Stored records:
===============

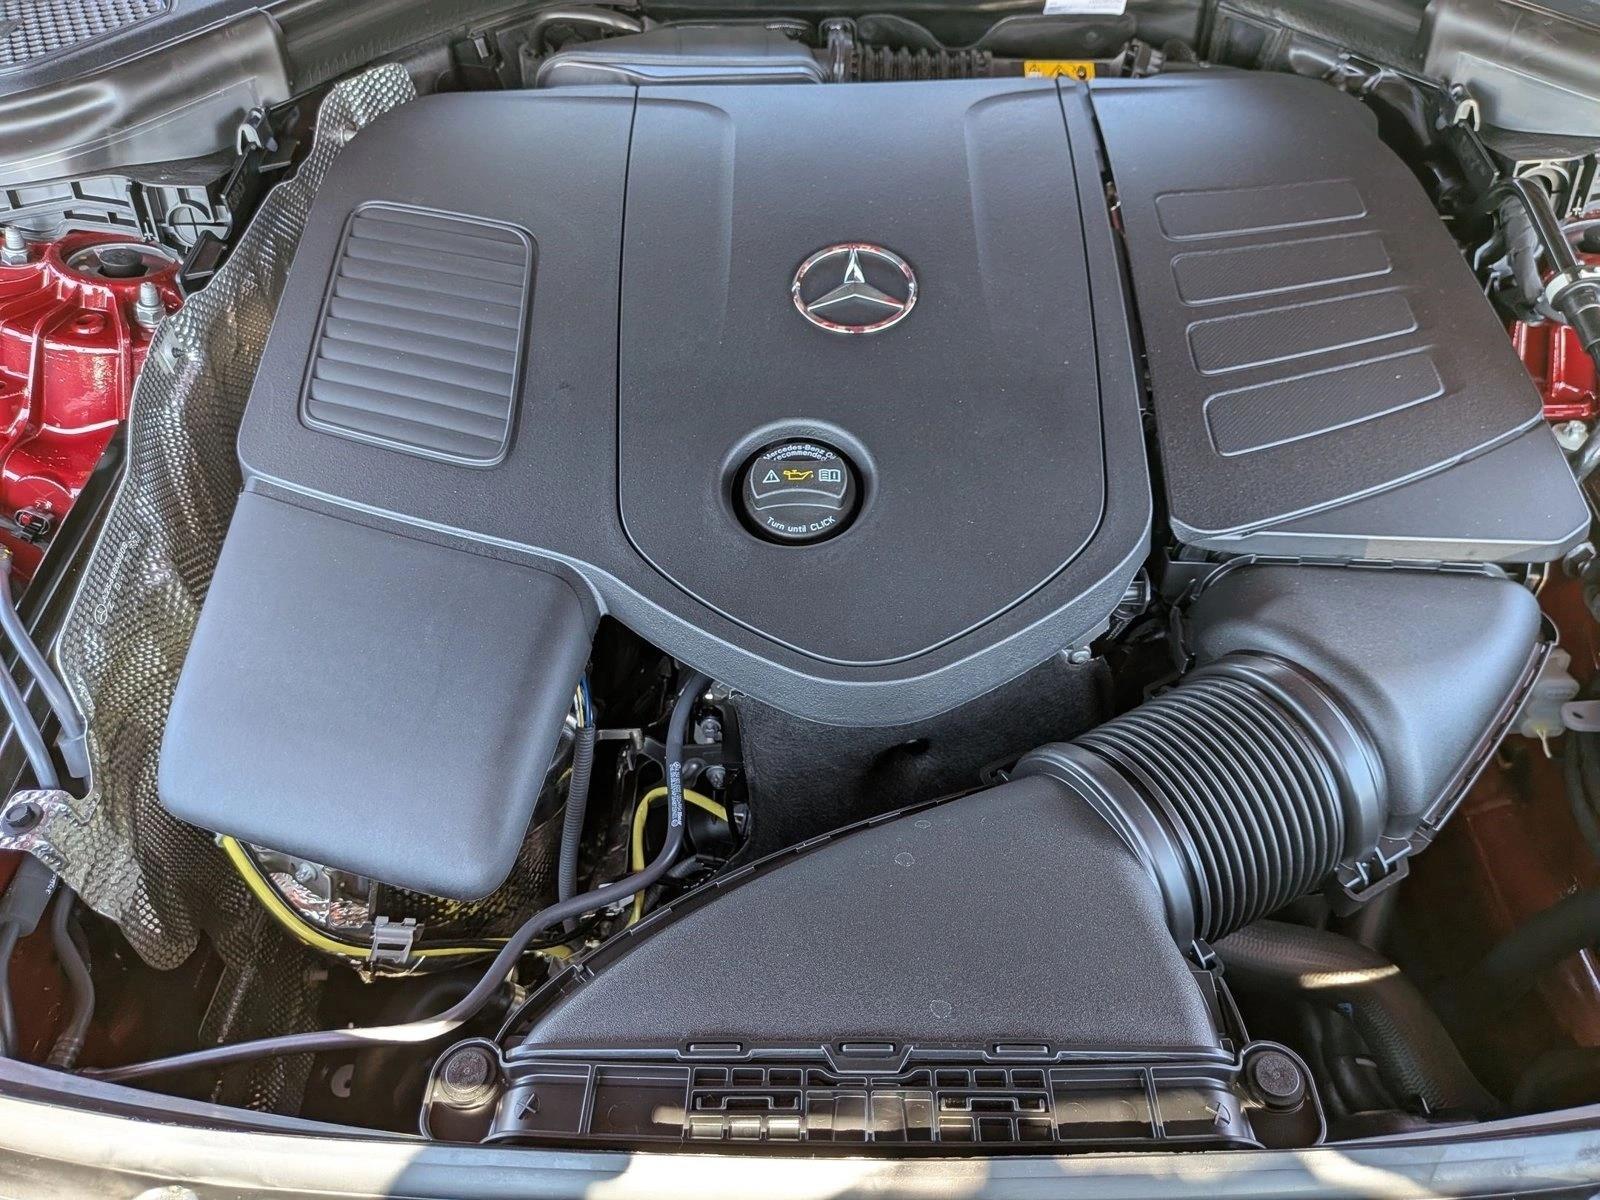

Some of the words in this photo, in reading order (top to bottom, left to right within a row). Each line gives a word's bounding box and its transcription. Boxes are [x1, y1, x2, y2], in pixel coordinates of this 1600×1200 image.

[763, 444, 825, 460] Mercedes-Benz
[773, 450, 828, 461] recommended
[767, 516, 785, 530] Turn
[787, 524, 807, 533] until
[810, 515, 836, 531] CLICK
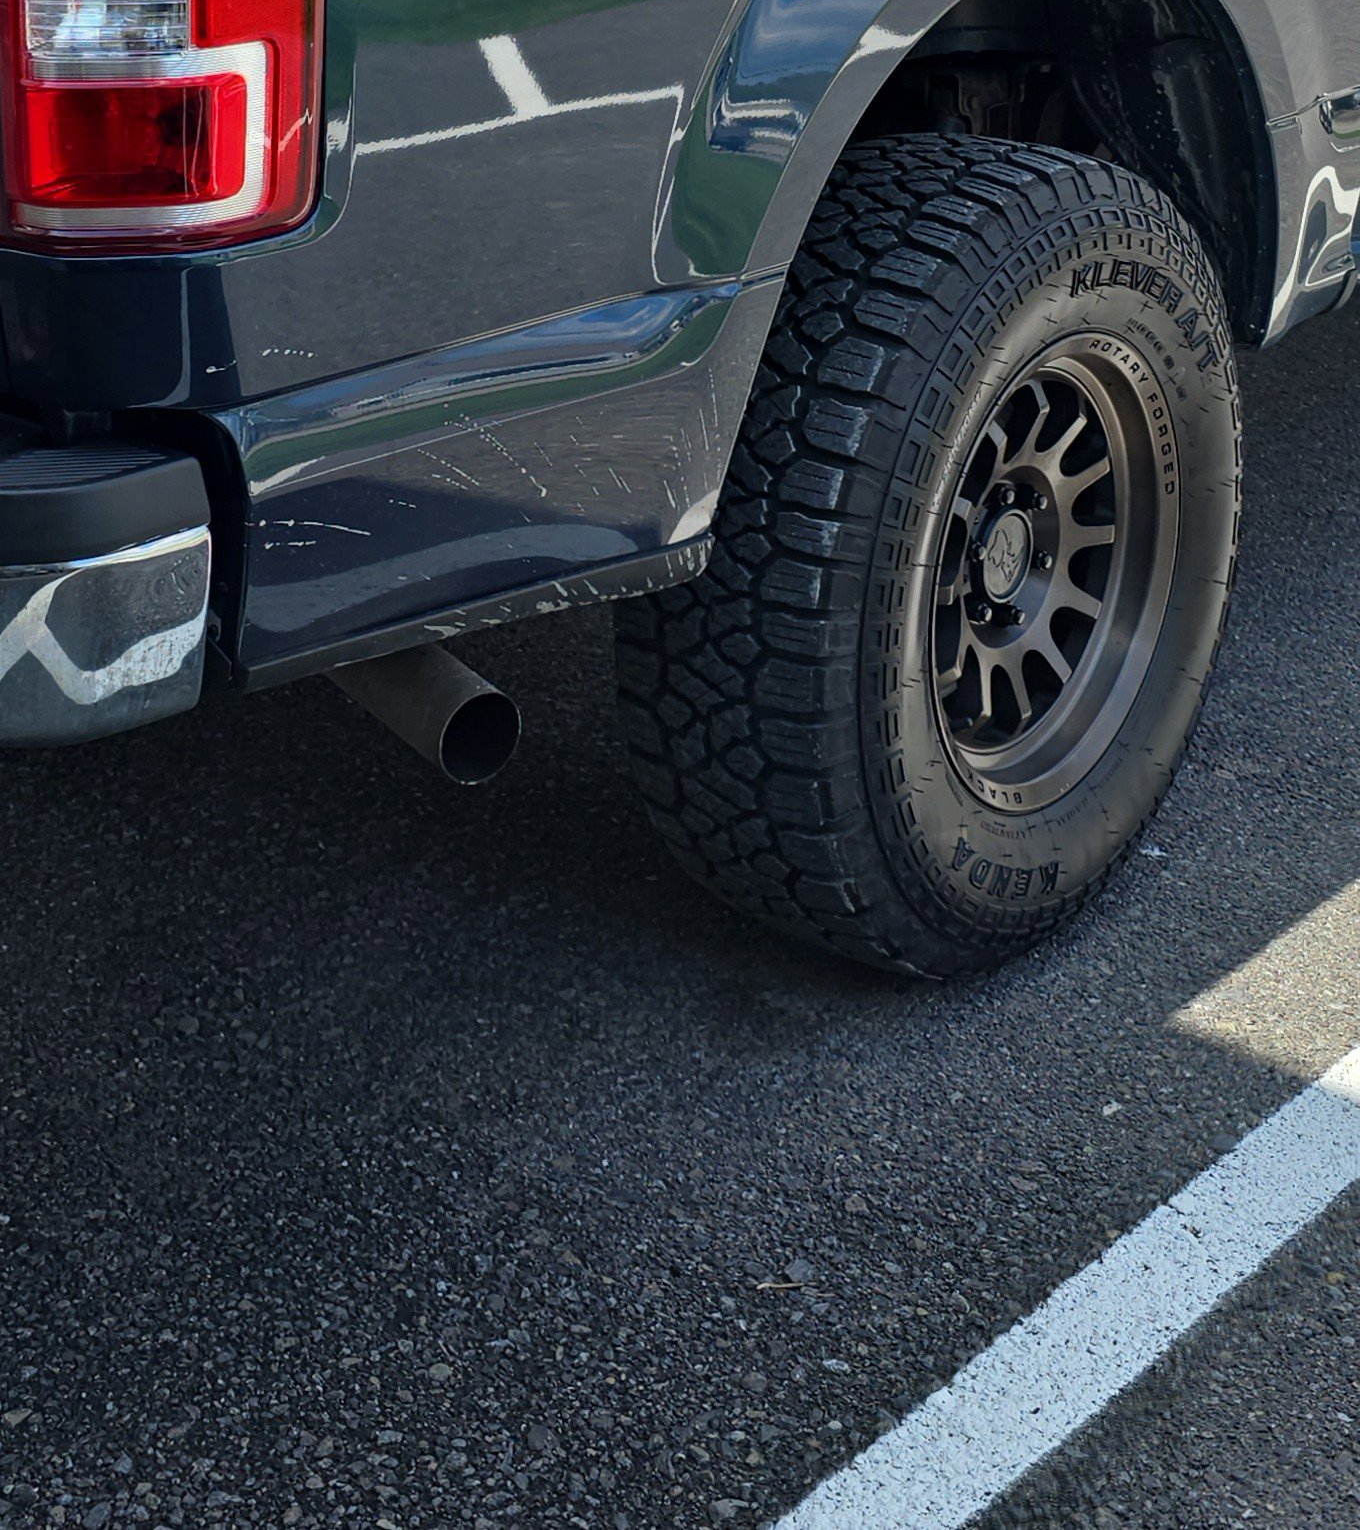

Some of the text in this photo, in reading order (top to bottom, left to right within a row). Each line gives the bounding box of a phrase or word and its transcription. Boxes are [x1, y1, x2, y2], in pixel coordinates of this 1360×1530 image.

[1070, 259, 1186, 314] KLEVER
[1089, 339, 1149, 385] ROTARY
[1146, 392, 1176, 496] FORGED
[967, 768, 1023, 805] BLACK
[952, 836, 1060, 898] KENDA
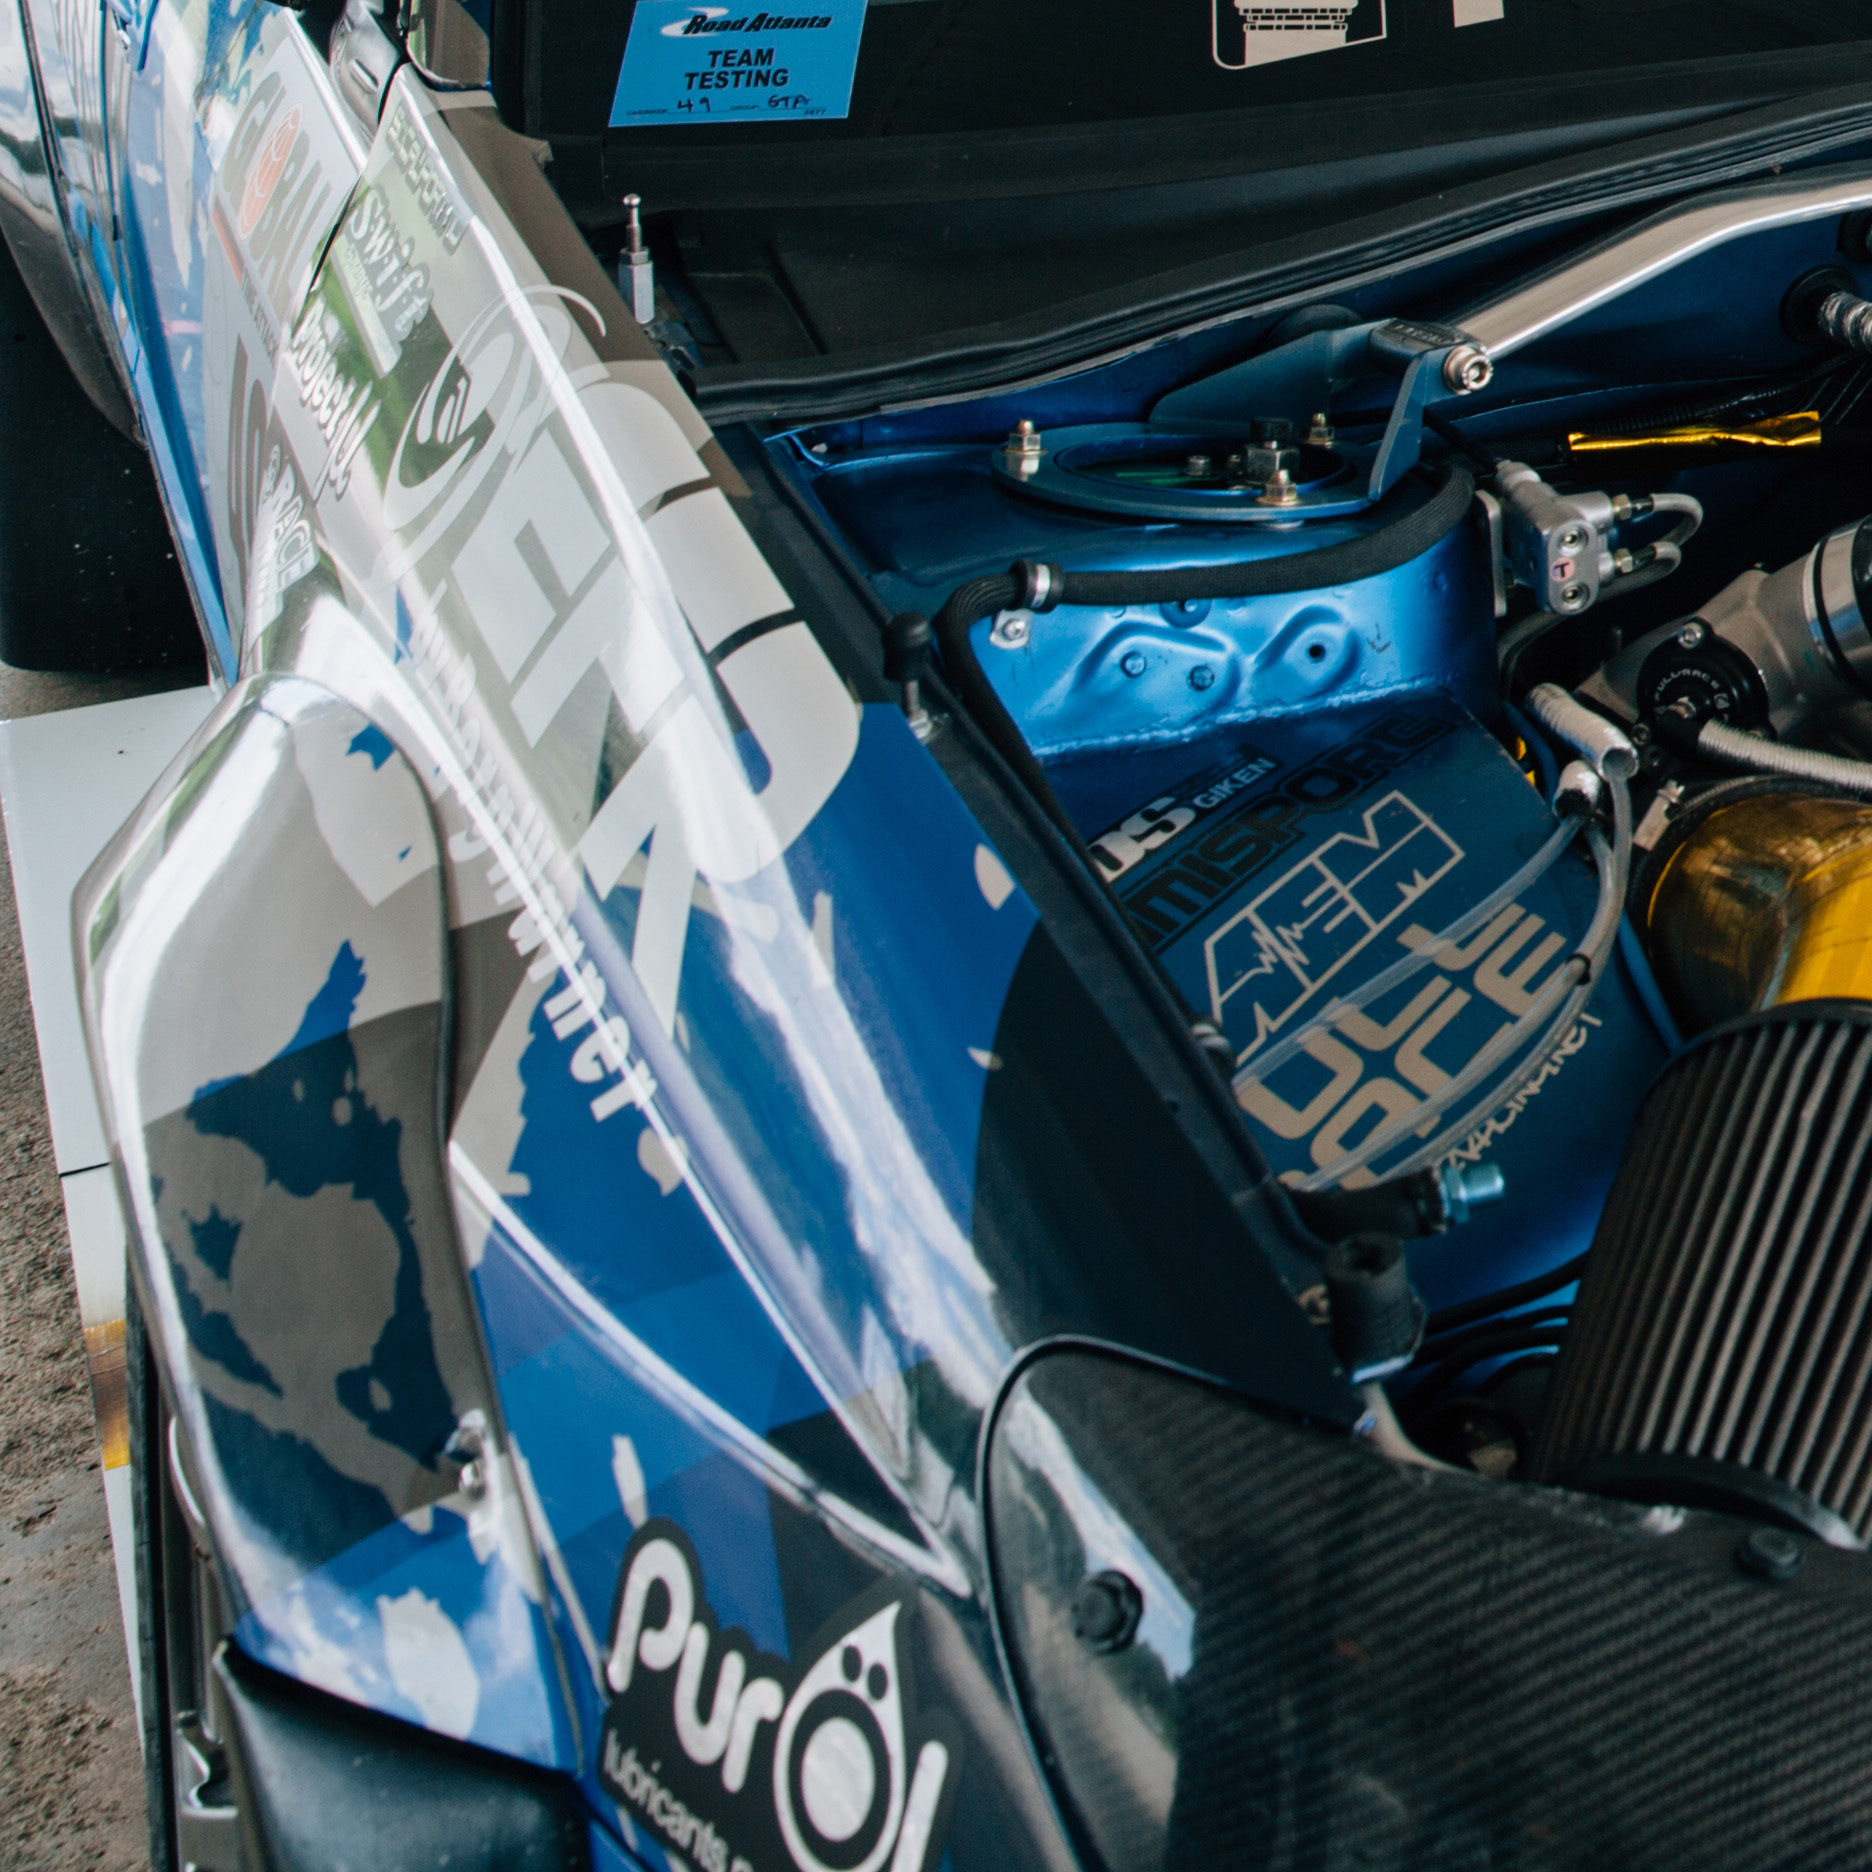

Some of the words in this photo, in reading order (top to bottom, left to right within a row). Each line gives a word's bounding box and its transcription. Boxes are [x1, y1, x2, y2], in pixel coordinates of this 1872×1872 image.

===============

GOAL OF THE EXERCISE: Skip every picture and transcribe the data above exactly.

ANSWER TO THIS TASK:
Some of the words in this photo, in reading order (top to bottom, left to right within a row). Each line gives a word's bounding box and its transcription. Boxes are [x1, y1, x2, y2], in pixel coordinates of this 1600×1200 image.

[763, 444, 825, 460] Mercedes-Benz
[773, 450, 828, 461] recommended
[767, 516, 785, 530] Turn
[787, 524, 807, 533] until
[810, 515, 836, 531] CLICK

Some of the text in this photo, in reading order (top to bottom, left to right within a row). Each line gives the bounding box of a phrase or word and its transcription. Boxes are [x1, y1, x2, y2], in pixel coordinates of this 1360×1530 image.

[1070, 259, 1186, 314] KLEVER
[1089, 339, 1149, 385] ROTARY
[1146, 392, 1176, 496] FORGED
[967, 768, 1023, 805] BLACK
[952, 836, 1060, 898] KENDA

Some of the words in this photo, in reading order (top to bottom, left to right within a row). Each line gives a word's bounding box and its transcription. Boxes are [x1, y1, x2, y2], in pixel coordinates of this 1872×1872 image.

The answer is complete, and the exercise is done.